Even in the middle of my new planted build I think, one day...one day...
How exciting for you! Keep us posted!


----------



## Sidius (Mar 25, 2012)

I agree... I'm about to finally set up my 180g All male African cichlid tank but I REALLY wanna do a SW tank. Gonna try to convince the gf to let me use the 90g my Africans are currently in for a SW tank but it might be a tough sell lol

Can't wait to see how this turns out! I'll be watching your journal


----------



## kacairns (Apr 10, 2012)

Sidius said:


> I agree... I'm about to finally set up my 180g All male African cichlid tank but I REALLY wanna do a SW tank. Gonna try to convince the gf to let me use the 90g my Africans are currently in for a SW tank but it might be a tough sell lol
> 
> Can't wait to see how this turns out! I'll be watching your journal


My choice was go African, or go Salt Water... after taking the family to see Anthony's tank.... salt water it was, no debate... I just had to lie about how much it will really cost!


----------



## The Guy (Nov 26, 2010)

kacairns said:


> My choice was go African, or go Salt Water... after taking the family to see Anthony's tank.... salt water it was, no debate... I just had to lie about how much it will really cost!


Anthony said to me when I started up my salt water tank it's kind of like having a Heroine habit with the amount of money you go through. He's right!!! .


----------



## target (Apr 21, 2010)

The Guy said:


> Anthony said to me when I started up my salt water tank it's kind of like having a Heroine habit with the amount of money you go through. He's right!!! .


He's told me a heroin habit would be cheaper. LOL


----------



## scott tang (Jan 29, 2012)

target said:


> He's told me a heroin habit would be cheaper. LOL


yes but for some one like me (15 no job) with no sorse of income i have alot of monny for my age from selling frags and such it pays for my hobby so win win lol invest in some zoas lol


----------



## SeaHorse_Fanatic (Apr 22, 2010)

I do NOT encourage people to go into Saltwater as a general rule, but if you decide that's what you want to do, then I DO try to help find newbies some good deals on equipment, live rock, livestock, etc. 

I also tell people, rather than spend your kid's university fund on setting up a sw tank, come over and get your saltwater fix visiting mine. It's what we do when it comes to puppies. Go visit a friend with a puppy, let the kids play with someone else's puppy, then leave.
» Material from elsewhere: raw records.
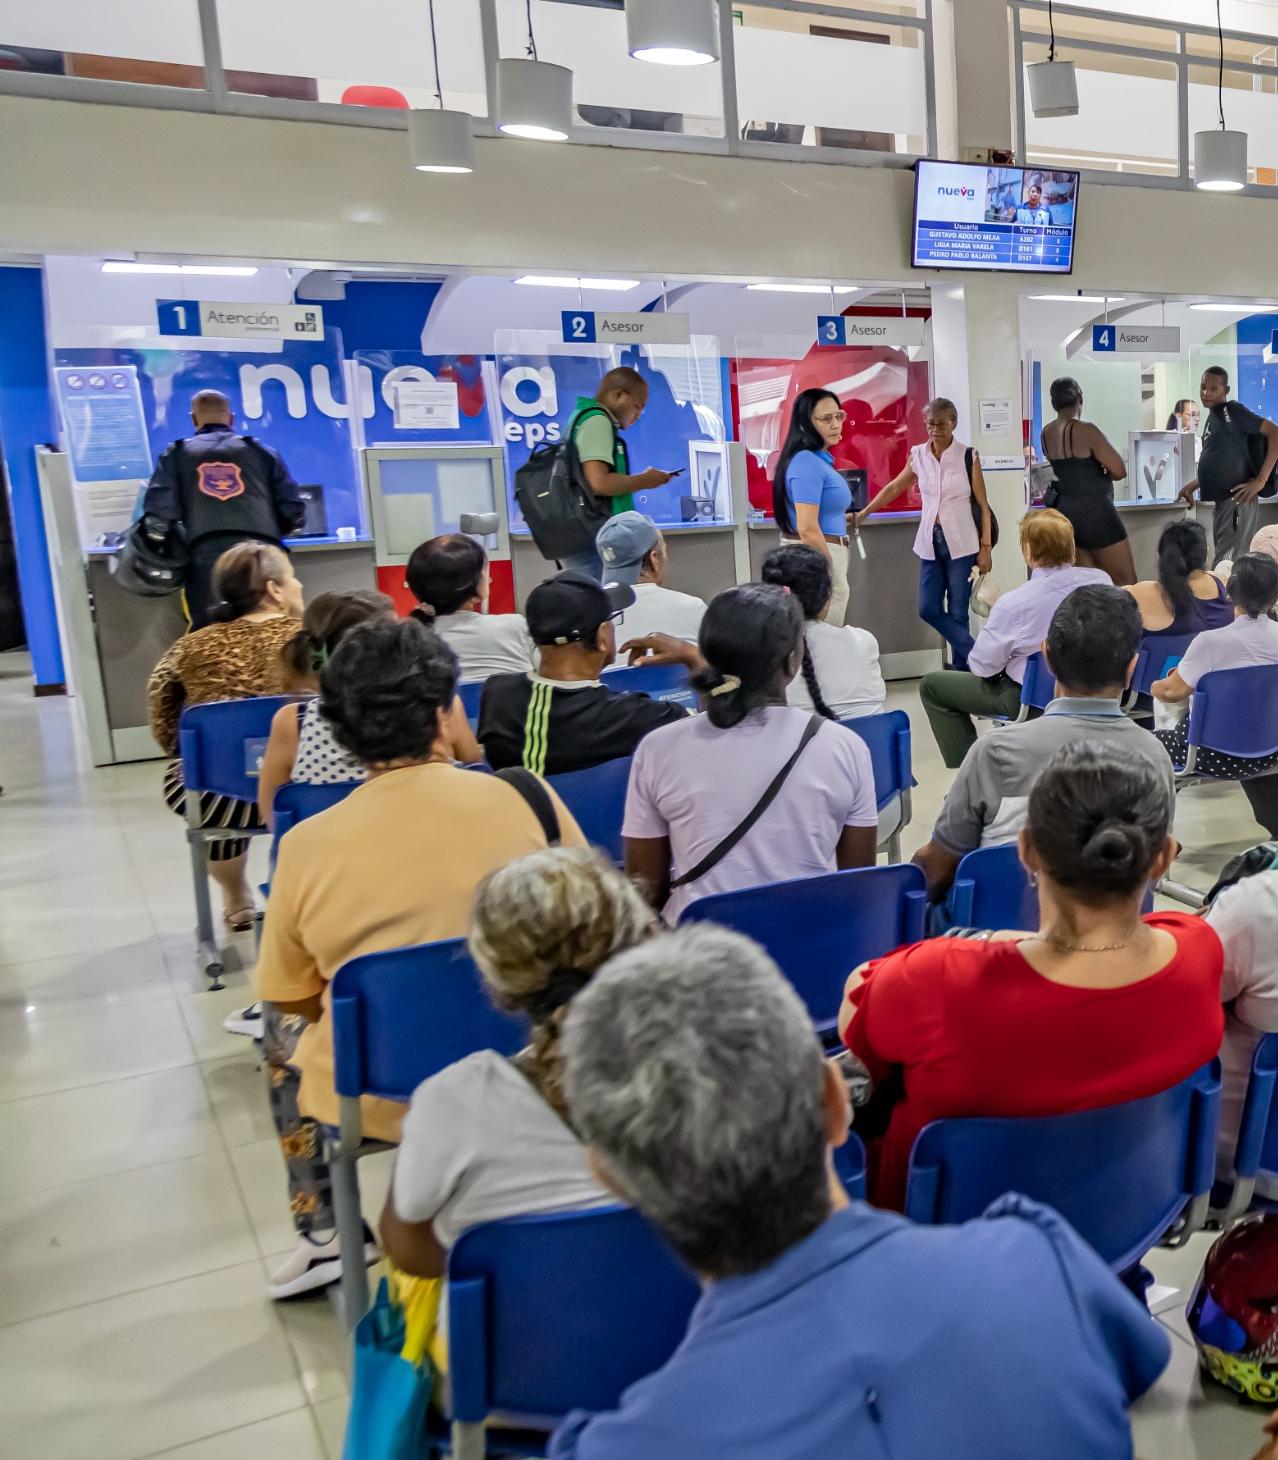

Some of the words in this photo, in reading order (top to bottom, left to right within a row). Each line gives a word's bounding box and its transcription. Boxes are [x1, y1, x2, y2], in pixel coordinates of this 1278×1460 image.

[938, 186, 974, 197] nueva
[929, 231, 957, 239] GUSTAVO
[954, 222, 979, 231] Usuario
[1020, 226, 1038, 234] Turno
[1046, 228, 1068, 236] Módulo
[173, 306, 187, 330] 1
[207, 310, 280, 326] Atención
[572, 316, 587, 338] 2
[601, 320, 644, 333] Asesor
[826, 321, 838, 340] 3
[851, 324, 887, 336] Asesor
[1098, 329, 1110, 347] 4
[1119, 332, 1149, 343] Asesor
[504, 420, 561, 450] eps
No vet bills, no poop to scoop, etc. 

However, if you're bound and determined to go salt, then I don't mind providing info & finding some good deals to get started. 
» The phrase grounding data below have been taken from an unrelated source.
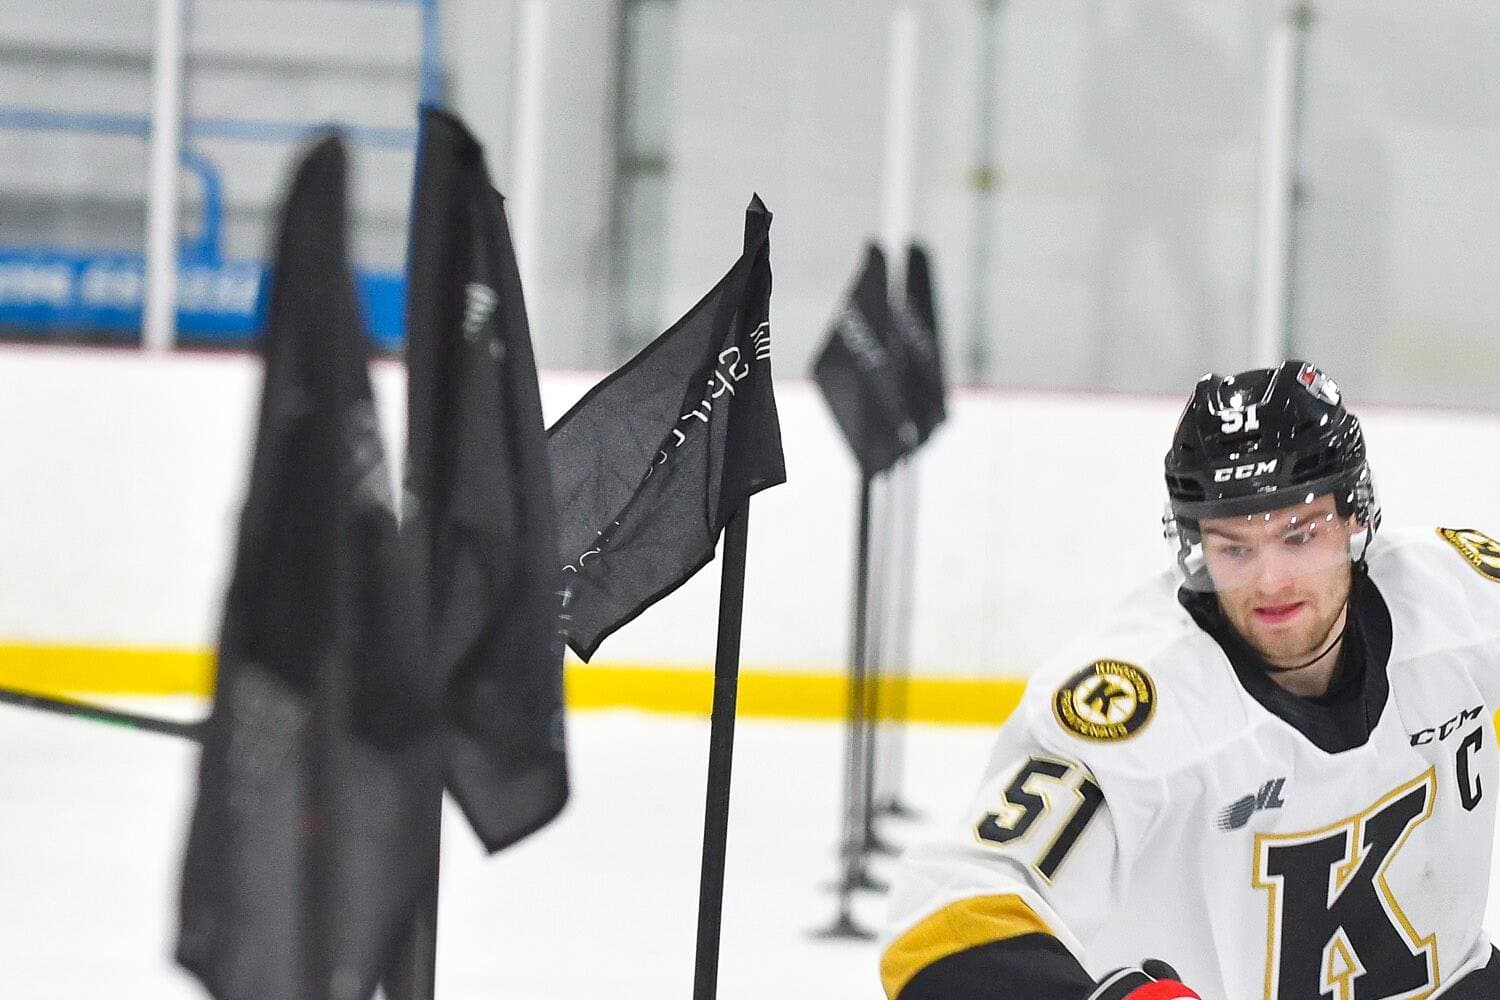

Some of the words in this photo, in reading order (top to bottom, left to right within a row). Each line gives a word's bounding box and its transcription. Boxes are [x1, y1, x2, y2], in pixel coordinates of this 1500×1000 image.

[1219, 404, 1260, 434] 51
[1213, 458, 1278, 482] CCM
[1083, 679, 1129, 720] K
[1407, 704, 1485, 748] CCM
[1455, 724, 1484, 812] C
[974, 755, 1106, 886] 51
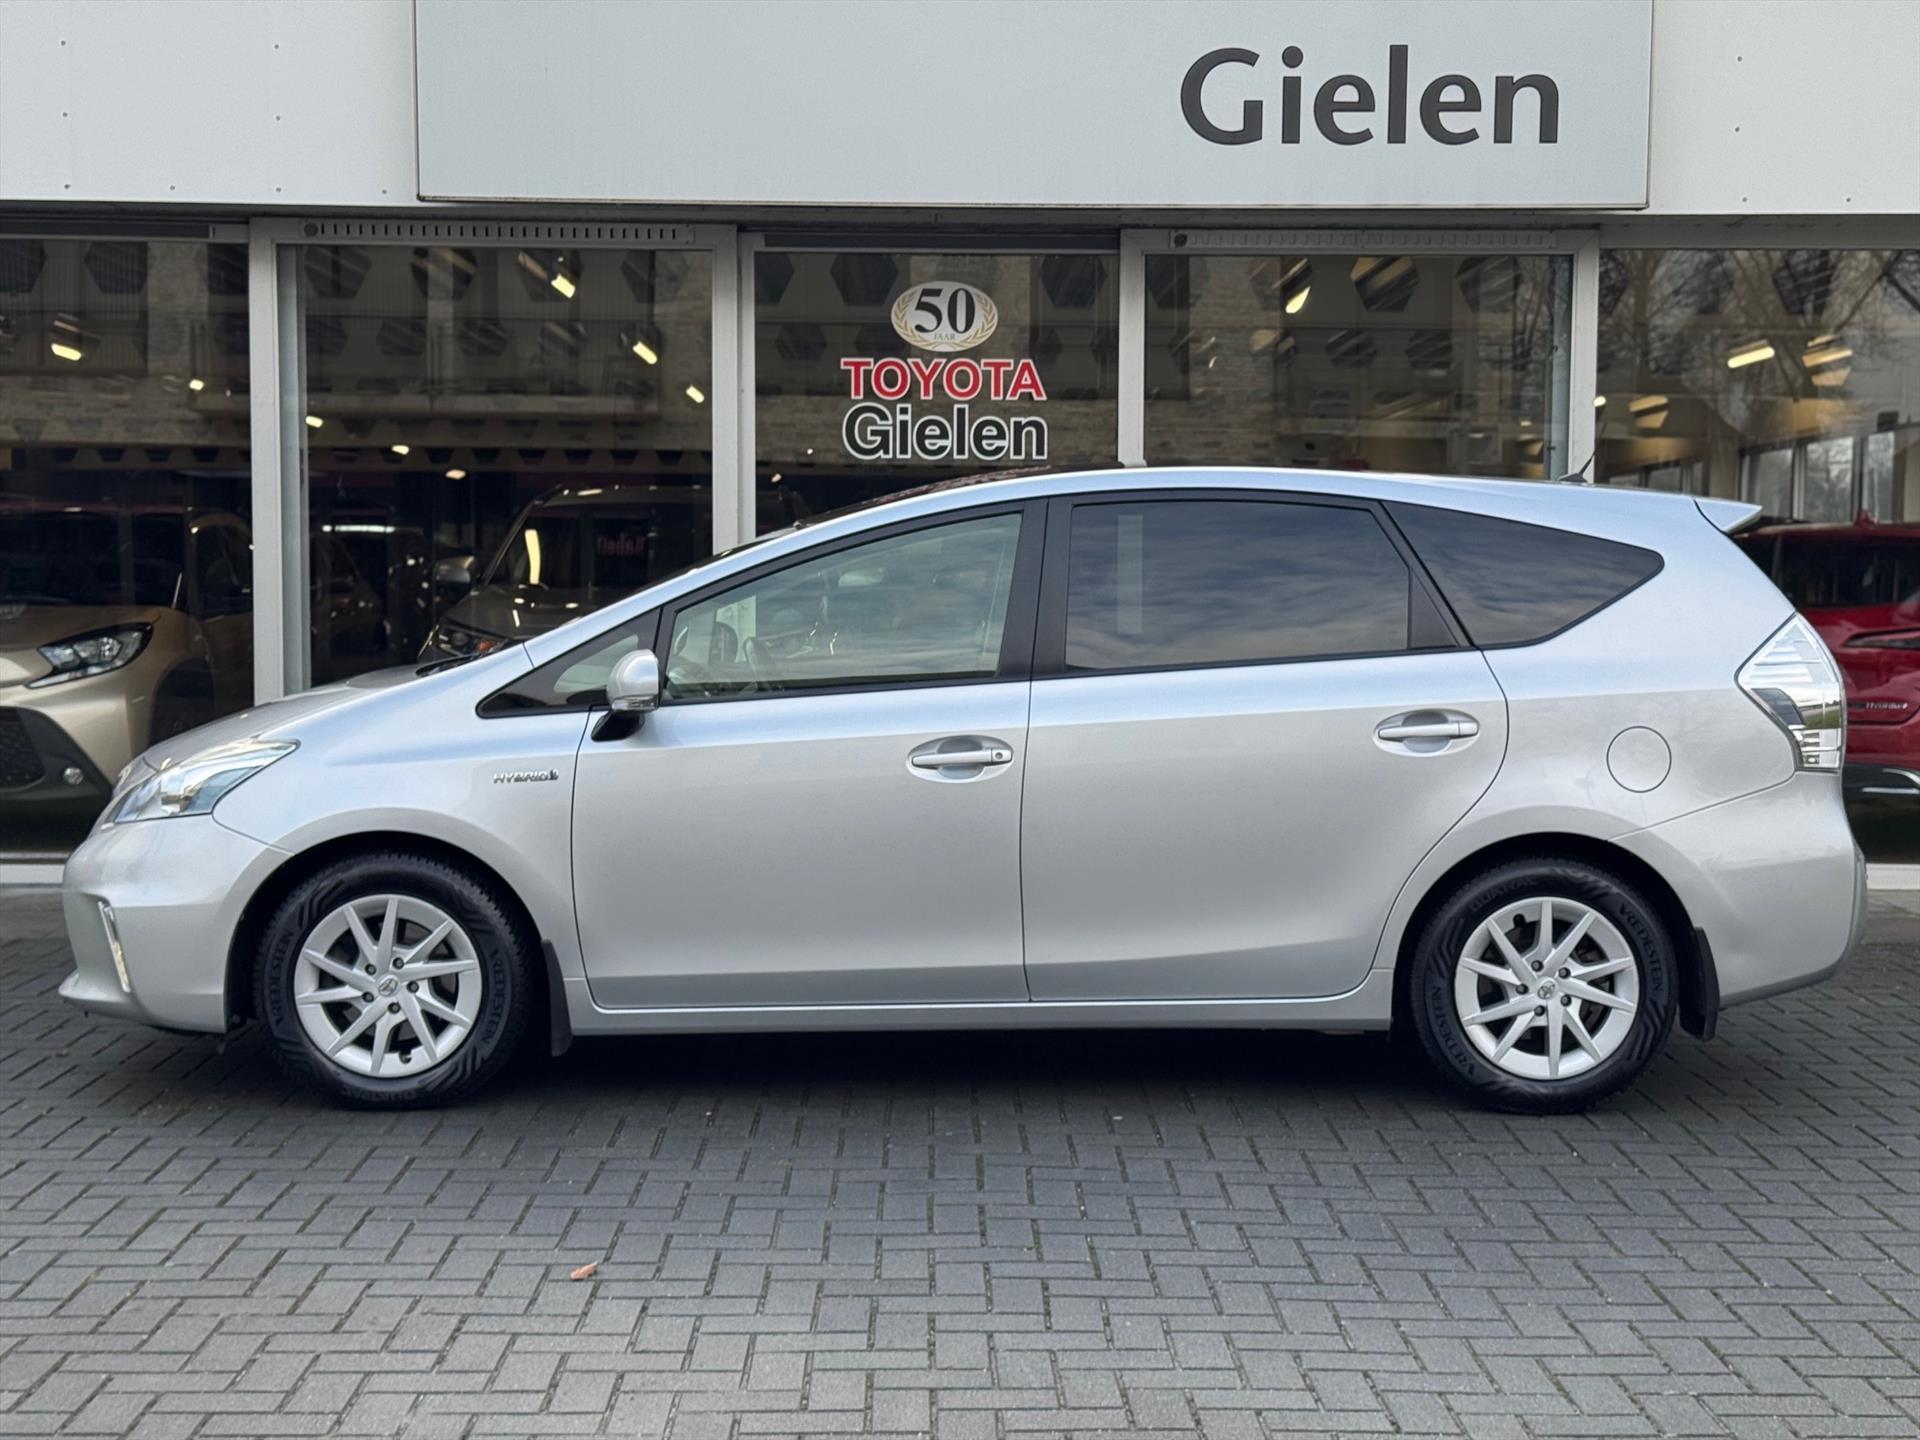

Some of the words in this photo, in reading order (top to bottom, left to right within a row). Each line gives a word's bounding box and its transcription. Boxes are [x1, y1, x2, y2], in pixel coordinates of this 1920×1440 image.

[1180, 44, 1559, 146] Gielen
[914, 287, 976, 334] 50
[933, 332, 956, 341] JAAR
[841, 357, 1047, 401] TOYOTA
[842, 402, 1048, 460] Gielen
[493, 770, 549, 784] HYBRID
[270, 930, 295, 1027] VREDESTEIN
[1617, 901, 1665, 993] VREDESTEIN
[483, 947, 507, 1046] VREDESTEIN
[1431, 985, 1477, 1078] VREDESTEIN
I think I will now switch my warning to "Heroin AND cocaine habits would be cheaper!"


----------



## kacairns (Apr 10, 2012)

Lol, you guys are lucky, he held the needle in my arm and told me to take the plunge!


----------



## kacairns (Apr 10, 2012)

Well first hiccup... I plumbed the UV with vinyl tubing, turned things on... seemed fine to start then noticed a small drip coming from the bottom side, take it apart and the plastic on the quartz housing is cracked inside the unit allowing water in the unit to get into the bulb area and leak out....


----------



## kacairns (Apr 10, 2012)

Well, guess I'll be buying a new UV sterilizer.... replacement cost for the quartz housing is like $60 before shipping from the states... not even worth it might as well try and sell the old one for parts and put towards a new unit maybe a different brand. I've got a bulb I bought on boxing day that has 1 minute of use...


----------



## greenfin (Nov 4, 2013)

Oh no!
I think the same thing happened to me with my TurboTwist. Water may have got in and conked it out. Instead of getting a new one I bought the LifeGard from J&L but have since been warned they are prone to leaks...Mine is fine now that I got the plumbing sorted out. Only have had it running 24hours! I'd research that product more before you rush out and get one. May not fit in your cabinet anyway.


----------



## bonsai dave (Apr 21, 2010)

I recommend emperor aquatics uv sterilizers IF have the room underneath your stand. I messed around with 3 different types of uv and just got frustrated with them. I have run on on my 300 gallon pond and couldn't be happier. I'm about to run the 40 watt smart lite uv on my 210 wild discus tank. 
SMART UV Sterilizers for Pond and Water Garden Applications


----------



## JTang (Apr 21, 2010)

Another new SW setup! Great job on recruiting another member, Anthony! We should call you SW Godfather! Lol

My little advice is go slow when it comes to adding frags. Stick with $5 ones!!!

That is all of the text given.